Date of Original Version
Our understanding of the benthic communities on arctic seamounts and descriptions of such communities in habitat classification systems are limited. In recent years, Schulz Bank (73°52′N 7°30′E), a seamount on the Arctic Mid-Ocean Ridge (AMOR), has become well studied but the work has primarily focused on an arctic sponge ground at the summit. This has compounded a general assumption that the most biologically interesting community is on the summit alone. With the potential threat of deep-sea mining on nearby sites on AMOR, it is crucial to form a baseline understanding of the benthic megafaunal communities not only on the summit, but on the slopes and base of the seamount as well. Using video footage collected by a remotely operated vehicle in 2017 and 2018 to survey the seamount from 2700 to 580 m depth, several distinct megafauna communities on Schulz Bank were identified. Specifically, five biotopes, two of which were dominated by large structure-forming sponges, appeared to follow a depth gradient and change with the type of substrata present.
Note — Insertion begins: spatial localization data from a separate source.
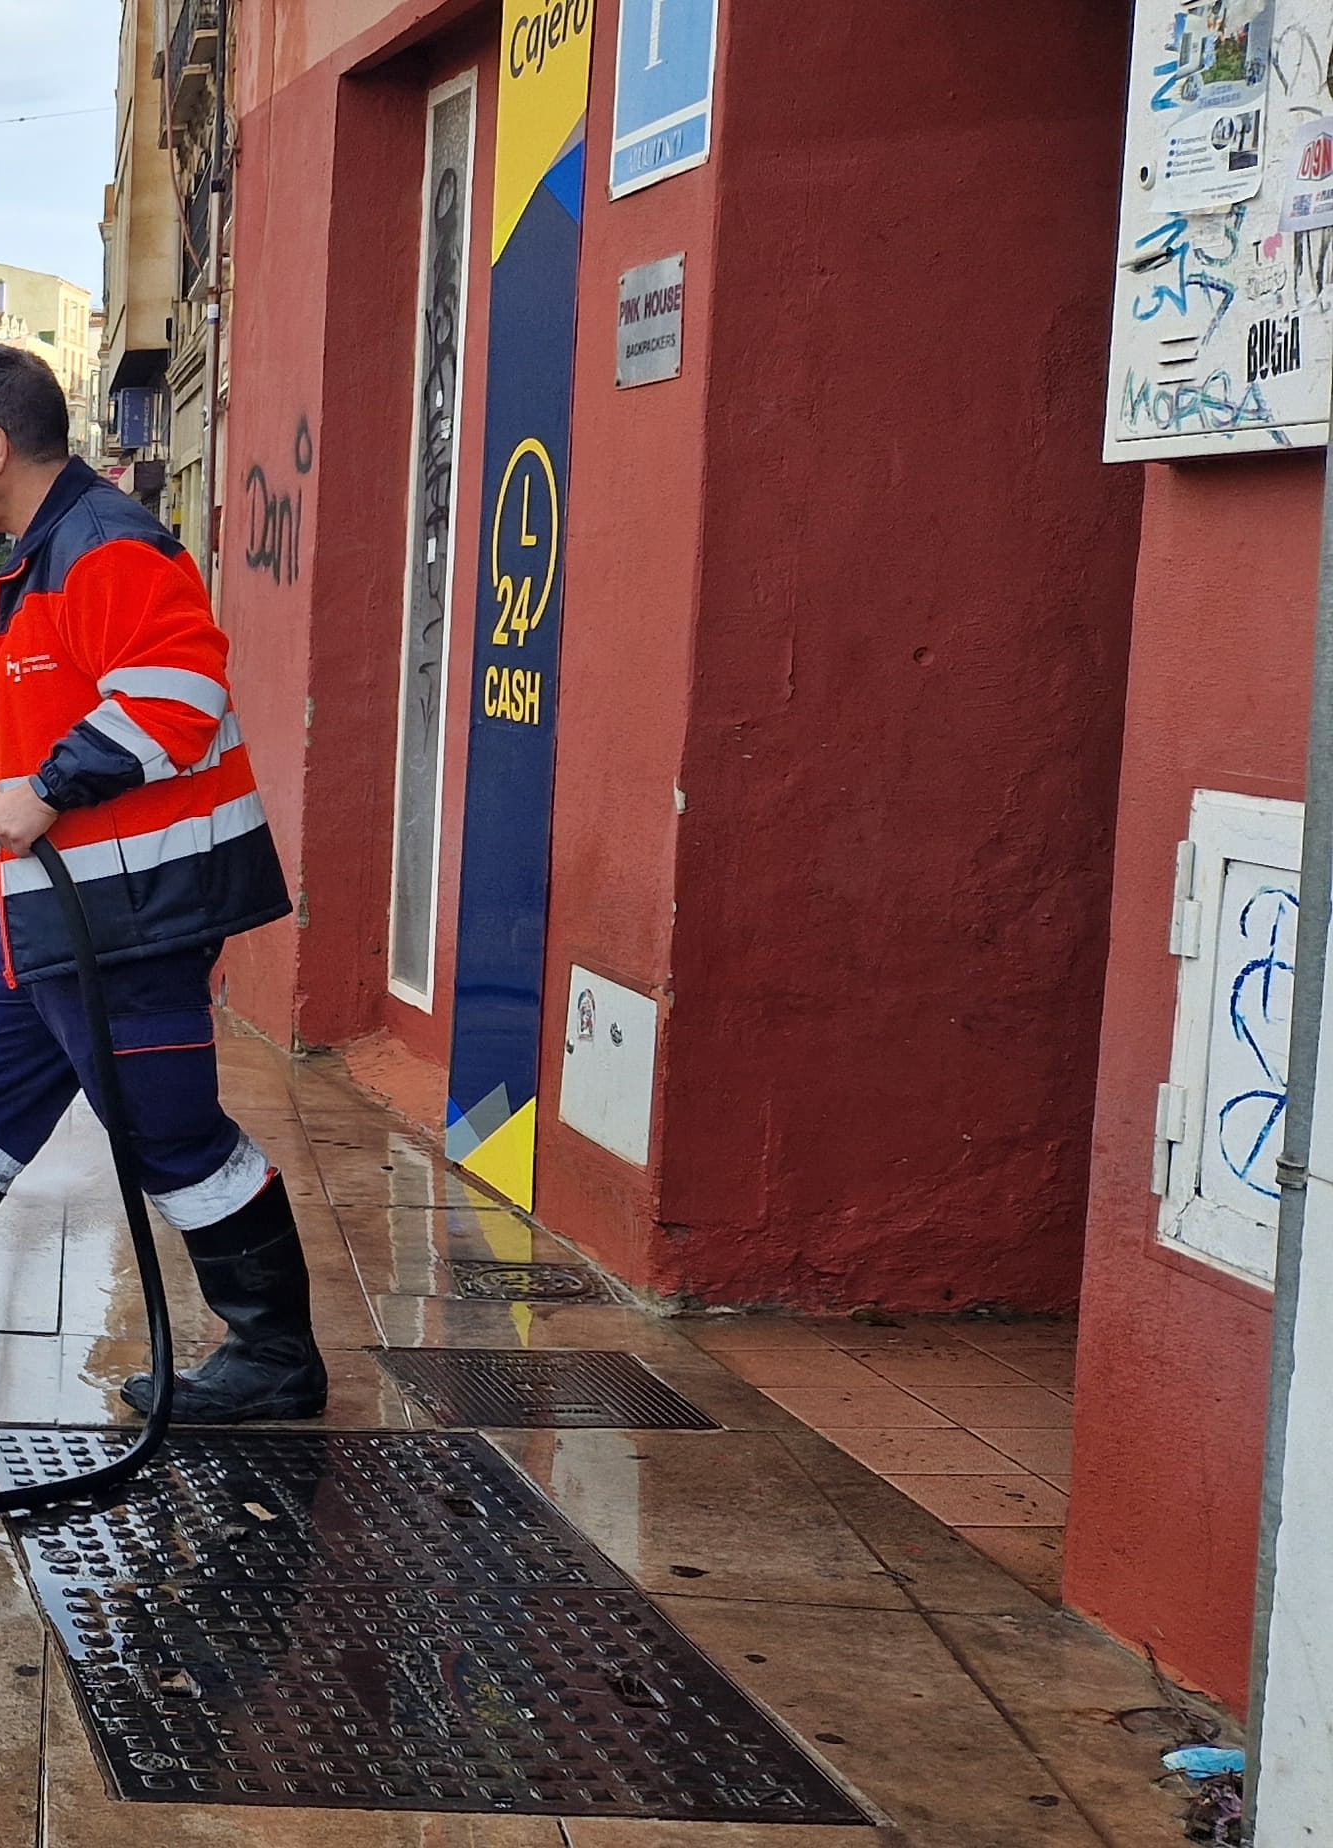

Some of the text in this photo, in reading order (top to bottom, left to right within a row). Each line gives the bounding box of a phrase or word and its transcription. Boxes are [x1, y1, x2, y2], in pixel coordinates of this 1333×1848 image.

[510, 0, 589, 79] Cajero
[619, 284, 681, 327] PINK HOUSE
[626, 333, 676, 359] BACKPACKERS
[492, 575, 532, 647] 24
[484, 665, 541, 726] CASH
The sponge-dominated communities on the summit and lower slope had the highest average community densities and number of morphotaxa per image compared to the upper slope and seamount base communities. Most notably, sponge-dominated bedrock walls on the lower slopes challenge the assumption that the summit is the most dense and diverse community on Schulz Bank. The results from this study lay the foundation for future research and conservation efforts of arctic sponge grounds by looking beyond the seamount summit to bring a full view of enigmatic sponge dominated ecosystems.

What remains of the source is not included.